Non è necessario presentarsi in tailleur o giacca e cravatta, ma meglio optare per un abbigliamento che non sia troppo casual o trasandato. Il jeans è decisamente troppo sportivo, meglio un pantalone classico, in una tonalità scura. È allo stesso tempo sbagliato presentarsi ad un colloquio di lavoro con abiti lontani anni luce da quello che siamo di solito, manteniamo infatti alcune caratteristiche del nostro stile, cercando però di rimanere il più neutri possibile perché si sa, la prima impressione parte anche da quello che indossiamo. Cerchiamo di far confluire l'attenzione del nostro interlocutore sulle nostre esperienze lavorative e non su qualche capo stravagante del nostro look.

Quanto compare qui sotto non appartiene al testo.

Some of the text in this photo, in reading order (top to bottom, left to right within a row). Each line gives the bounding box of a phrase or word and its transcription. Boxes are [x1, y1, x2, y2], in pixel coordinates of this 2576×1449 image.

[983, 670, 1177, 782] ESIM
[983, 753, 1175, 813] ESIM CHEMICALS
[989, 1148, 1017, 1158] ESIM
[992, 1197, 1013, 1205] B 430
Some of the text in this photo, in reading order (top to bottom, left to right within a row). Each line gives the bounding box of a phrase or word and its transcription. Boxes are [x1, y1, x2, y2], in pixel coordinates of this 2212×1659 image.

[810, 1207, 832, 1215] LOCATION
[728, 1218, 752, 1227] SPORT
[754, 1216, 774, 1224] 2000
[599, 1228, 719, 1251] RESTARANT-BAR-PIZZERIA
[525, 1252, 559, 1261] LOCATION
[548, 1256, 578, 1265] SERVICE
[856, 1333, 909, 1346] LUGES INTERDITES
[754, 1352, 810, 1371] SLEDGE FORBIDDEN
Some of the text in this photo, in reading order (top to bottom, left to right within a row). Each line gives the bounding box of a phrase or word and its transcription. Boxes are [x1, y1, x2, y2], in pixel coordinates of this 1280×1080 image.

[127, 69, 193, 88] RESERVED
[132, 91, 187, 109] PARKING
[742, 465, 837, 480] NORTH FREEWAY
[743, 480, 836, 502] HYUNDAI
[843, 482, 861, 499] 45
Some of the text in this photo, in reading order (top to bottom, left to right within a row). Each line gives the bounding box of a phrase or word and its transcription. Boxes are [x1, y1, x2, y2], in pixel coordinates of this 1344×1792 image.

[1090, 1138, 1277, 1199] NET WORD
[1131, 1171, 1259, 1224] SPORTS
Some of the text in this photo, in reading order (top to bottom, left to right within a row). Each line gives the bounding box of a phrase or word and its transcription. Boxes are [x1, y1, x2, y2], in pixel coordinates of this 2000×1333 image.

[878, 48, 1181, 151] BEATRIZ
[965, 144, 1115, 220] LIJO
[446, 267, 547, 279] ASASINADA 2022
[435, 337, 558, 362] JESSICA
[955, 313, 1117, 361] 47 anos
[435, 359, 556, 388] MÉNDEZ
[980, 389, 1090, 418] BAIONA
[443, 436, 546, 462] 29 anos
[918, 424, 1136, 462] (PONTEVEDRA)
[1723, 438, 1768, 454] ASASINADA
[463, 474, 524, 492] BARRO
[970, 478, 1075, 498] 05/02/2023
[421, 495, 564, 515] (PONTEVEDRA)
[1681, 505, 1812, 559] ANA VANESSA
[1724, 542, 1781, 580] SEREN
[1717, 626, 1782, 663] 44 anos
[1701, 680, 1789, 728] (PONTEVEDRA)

Non indossate i jeans al primo appuntamento

Certo, puntare sulla carta simpatia e con messaggi subliminali del tipo "con me ti sentirai sempre a tuo agio", fa piacere agli uomini, ma anche una bella minigonna, o un abitino che ci valorizzi. Al primo appuntamento, se dobbiamo ancora conquistarlo, optiamo per un look più studiato: niente di eccessivo, ma qualcosa che ci renda sensuali e che metta in risalto - con discrezione - i nostri punti di forza. Inutile dire che un paio di jeans stretti con un paio di tacchi potrà sicuramente fargli girare la testa, meglio però optarlo come outfit da seconda uscita, della serie, "hai visto, sto bene anche in jeans".

Storia del jeans

Ovviamente il jeans non va demonizzato, anzi, sono tantissimi gli stilisti che lo hanno sdoganato a capo pret-a-porter anche sulle passerelle più celebri. Può essere in questo senso anche decisamente costoso, soprattutto se impreziosito con ricami o dettagli in pietre. L'unico "limite" di questo capo è che da sempre viene associato alla Working Class e per questo, ad uno stile da "tempo libero" e quindi comodo, senza etichette o bonton. Forse è il capo libero per antonomasia. Del denim persino Yves Saint Laurent diceva: "Ho detto spesso che avrei voluto inventare io i blue jeans: il capo più spettacolare, più pratico, più rilassante e informale. I jeans hanno espressività, sex appeal, semplicità - tutto ciò che io auspico nei miei vestiti". Questo capo cult è stato inventato nel 1871 dal sarto Jacob Davis, ma venne brevettato con Levi Strauss il 20 maggio 1873, ricordiamo anche Angelo Marani che introdusse l'elastene nella fibra rendendolo appunto elastico, lo stilista italiano è scomparso qualche mese fa.
A volte ritornano, i jeans a zampa

Quando indossano i jeans le celebrities

Eppure, qualcosa sta cambiando anche nel bonton che non vorrebbe il jeans nelle occasioni "speciali". Capita sempre più spesso di vedere celebrities o nomi importanti del fashion system con indosso questo capo anche quando ci si aspetterebbe un indumento più elegante. Maria Grazia Chiuri, ad esempio, direttore creativo di Dior, ha salutato alla sua prima sfilata Haute Couture di Parigi con indosso un paio di jeans e un twin set nero. Anche la fashion editor del magazine russo Buro24/7 - Miroslava Duma - sempre impeccabile nei suoi outfit, ha scelto un jeans per il front row della sfilata Dior.